23 Gideon said, “I most certainly will not rule over you, nor will my son. God will reign over you.”
24 Then Gideon said, “But I do have one request. Give me, each of you, an earring that you took as plunder.” Ishmaelites wore gold earrings, and the men all had their pockets full of them.
25-26 They said, “Of course. They’re yours!”They spread out a blanket and each man threw his plundered earrings on it. The gold earrings that Gideon had asked for weighed about forty-three pounds—and that didn’t include the crescents and pendants, the purple robes worn by the Midianite kings, and the ornaments hung around the necks of their camels.
27 Gideon made the gold into a sacred ephod and put it on display in his hometown, Ophrah. All Israel prostituted itself there. Gideon and his family, too, were seduced by it.

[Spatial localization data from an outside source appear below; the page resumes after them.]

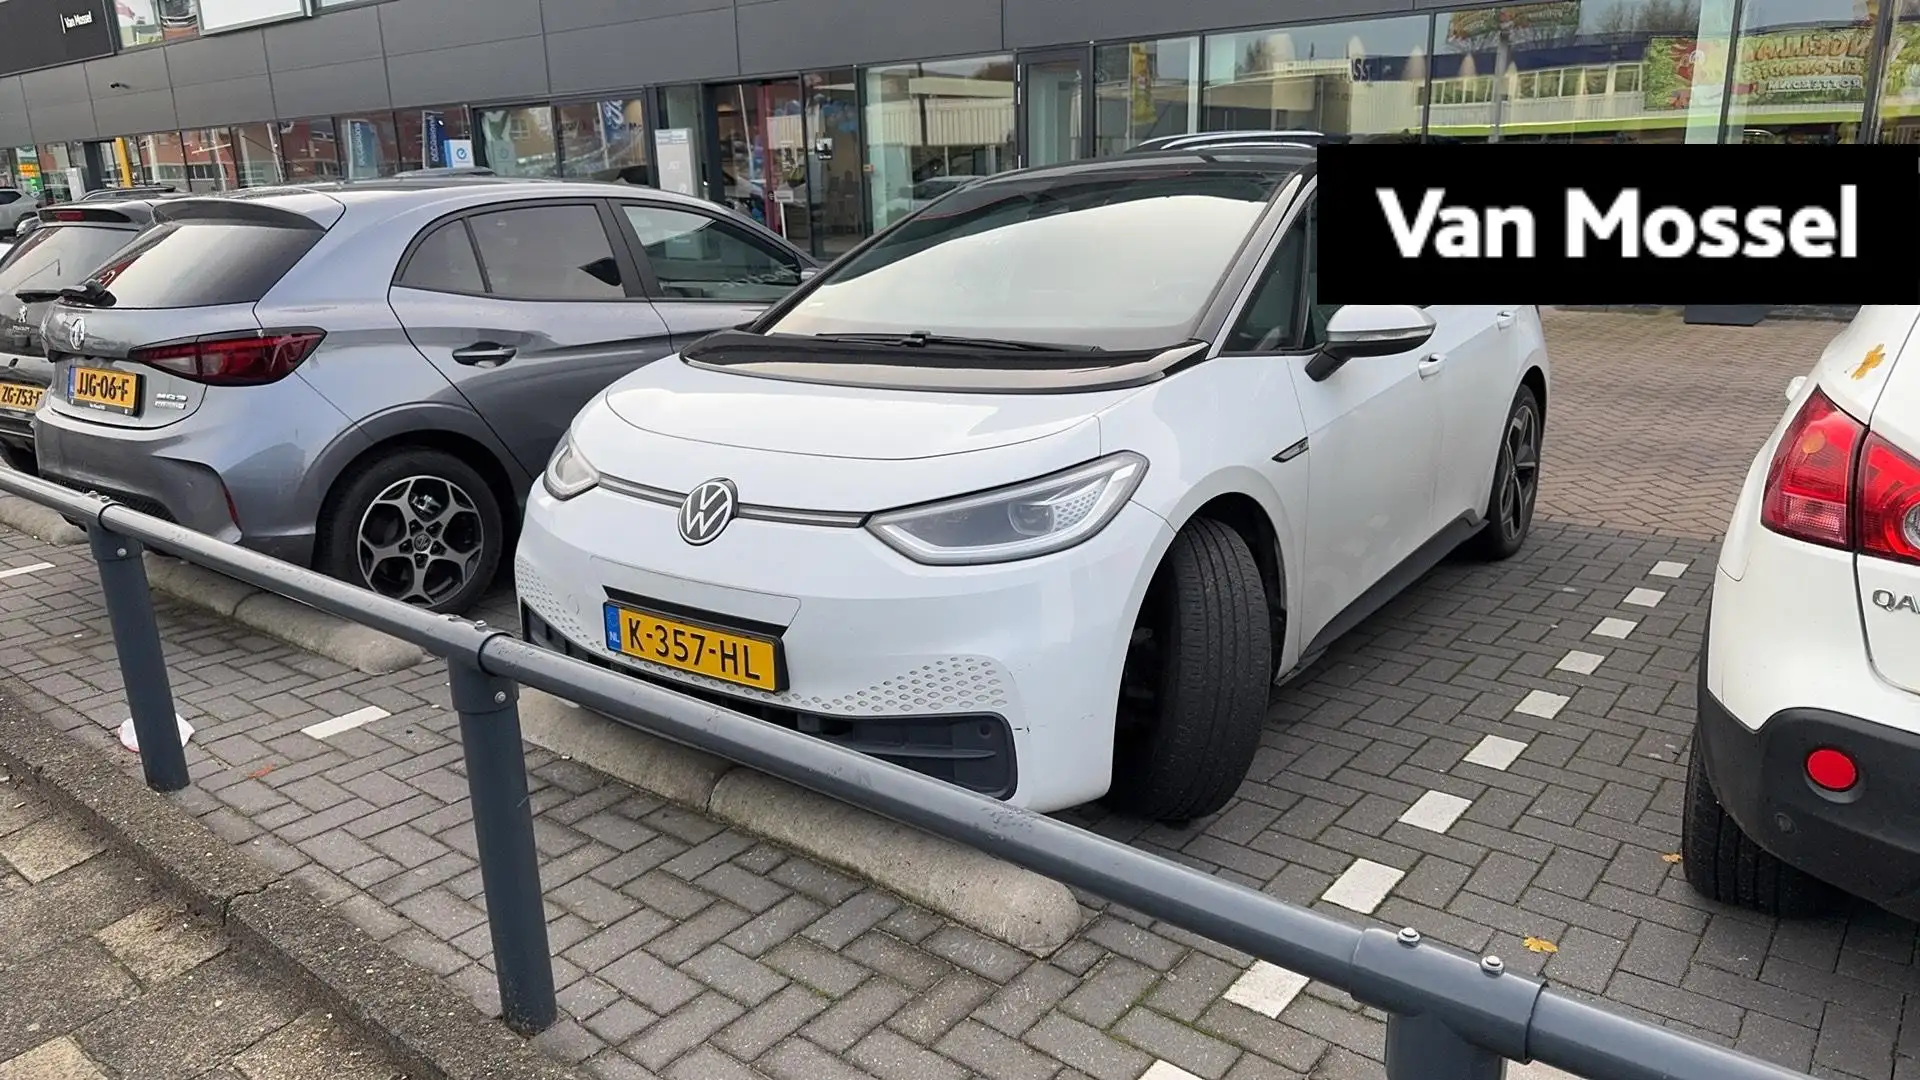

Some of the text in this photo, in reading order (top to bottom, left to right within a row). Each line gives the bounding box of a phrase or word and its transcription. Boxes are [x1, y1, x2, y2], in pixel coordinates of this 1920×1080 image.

[64, 10, 93, 28] Van Mossel
[77, 372, 130, 402] JJG-06-F
[1872, 588, 1920, 615] QA
[609, 631, 620, 643] NL
[628, 617, 761, 681] K-357-HL
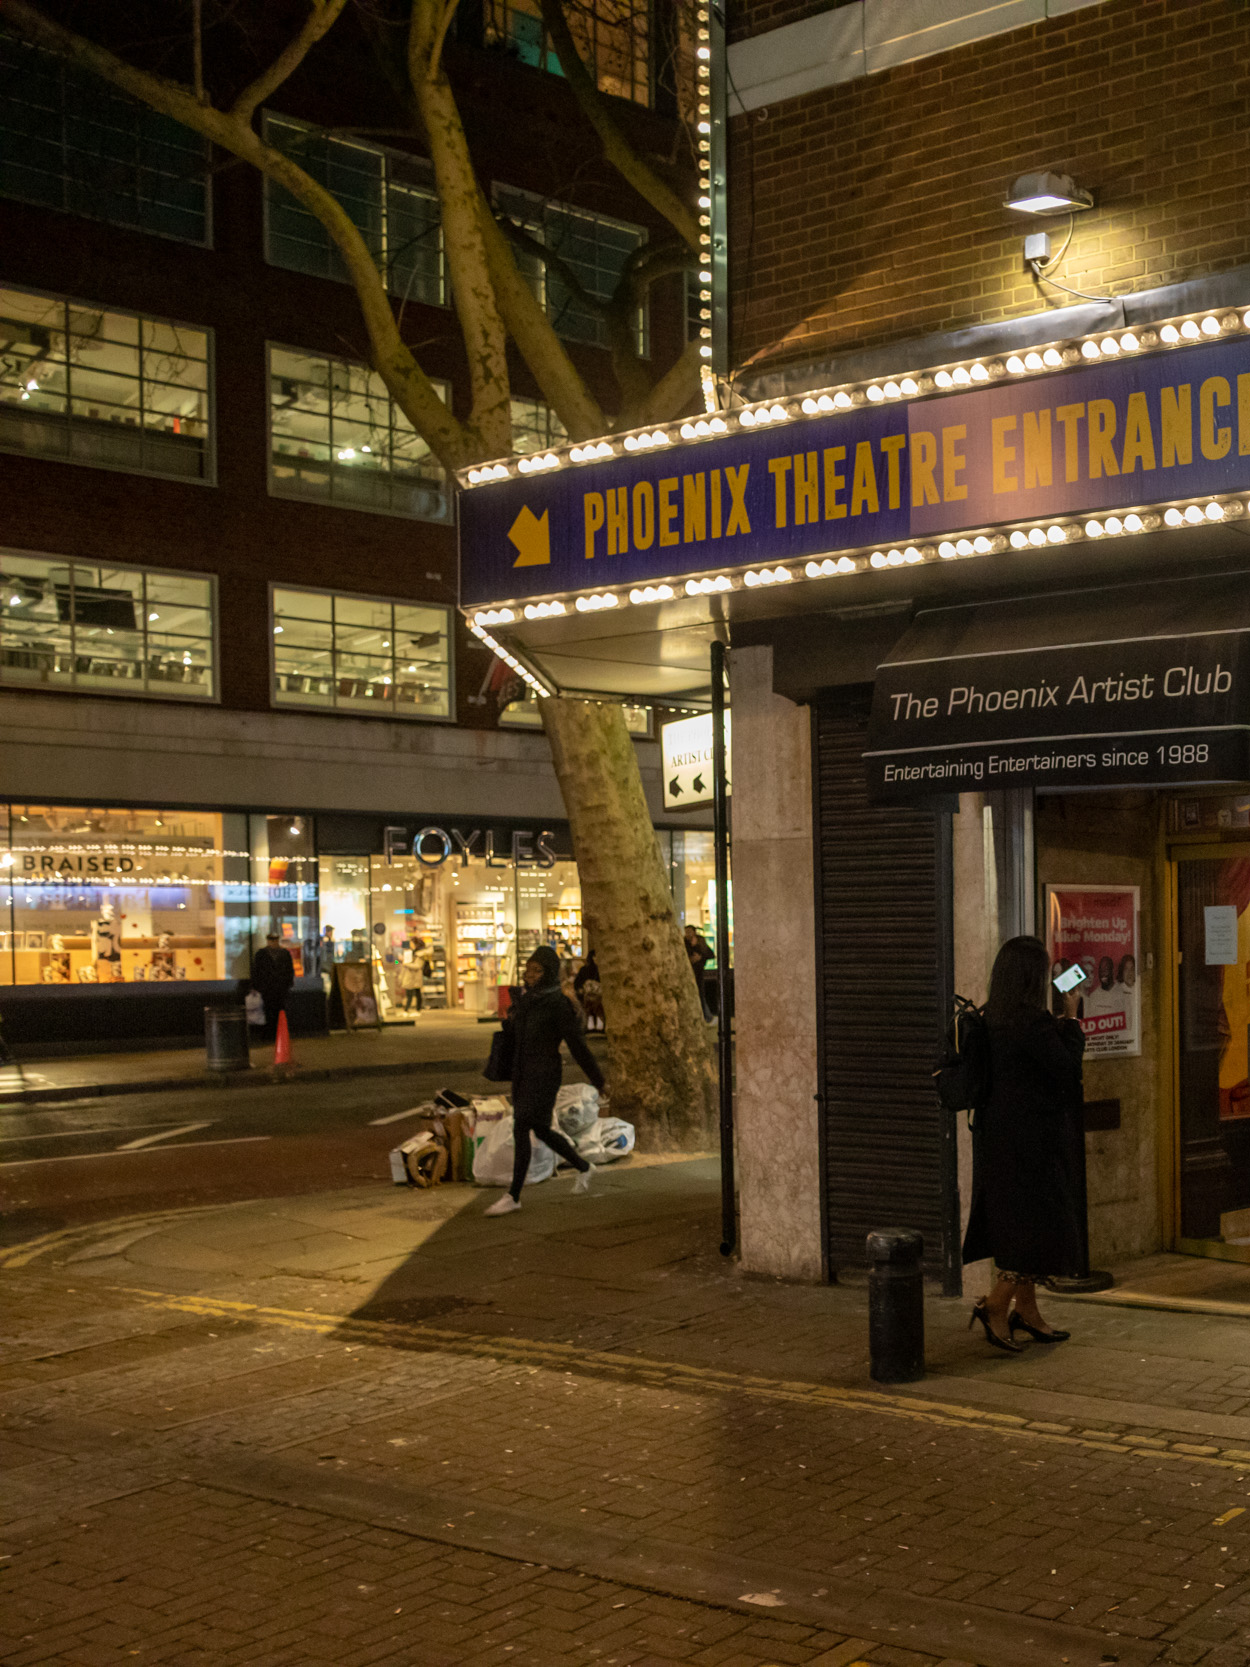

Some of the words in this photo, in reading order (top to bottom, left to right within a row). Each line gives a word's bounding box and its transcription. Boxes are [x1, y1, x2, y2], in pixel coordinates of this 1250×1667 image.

28 Midian’s tyranny was broken by the Israelites; nothing more was heard from them. The land was quiet for forty years in Gideon’s time.
29-31 Jerub-Baal son of Joash went home and lived in his house. Gideon had seventy sons. He fathered them all—he had a lot of wives! His concubine, the one at Shechem, also bore him a son. He named him Abimelech.
32 Gideon son of Joash died at a good old age. He was buried in the tomb of his father Joash at Ophrah of the Abiezrites.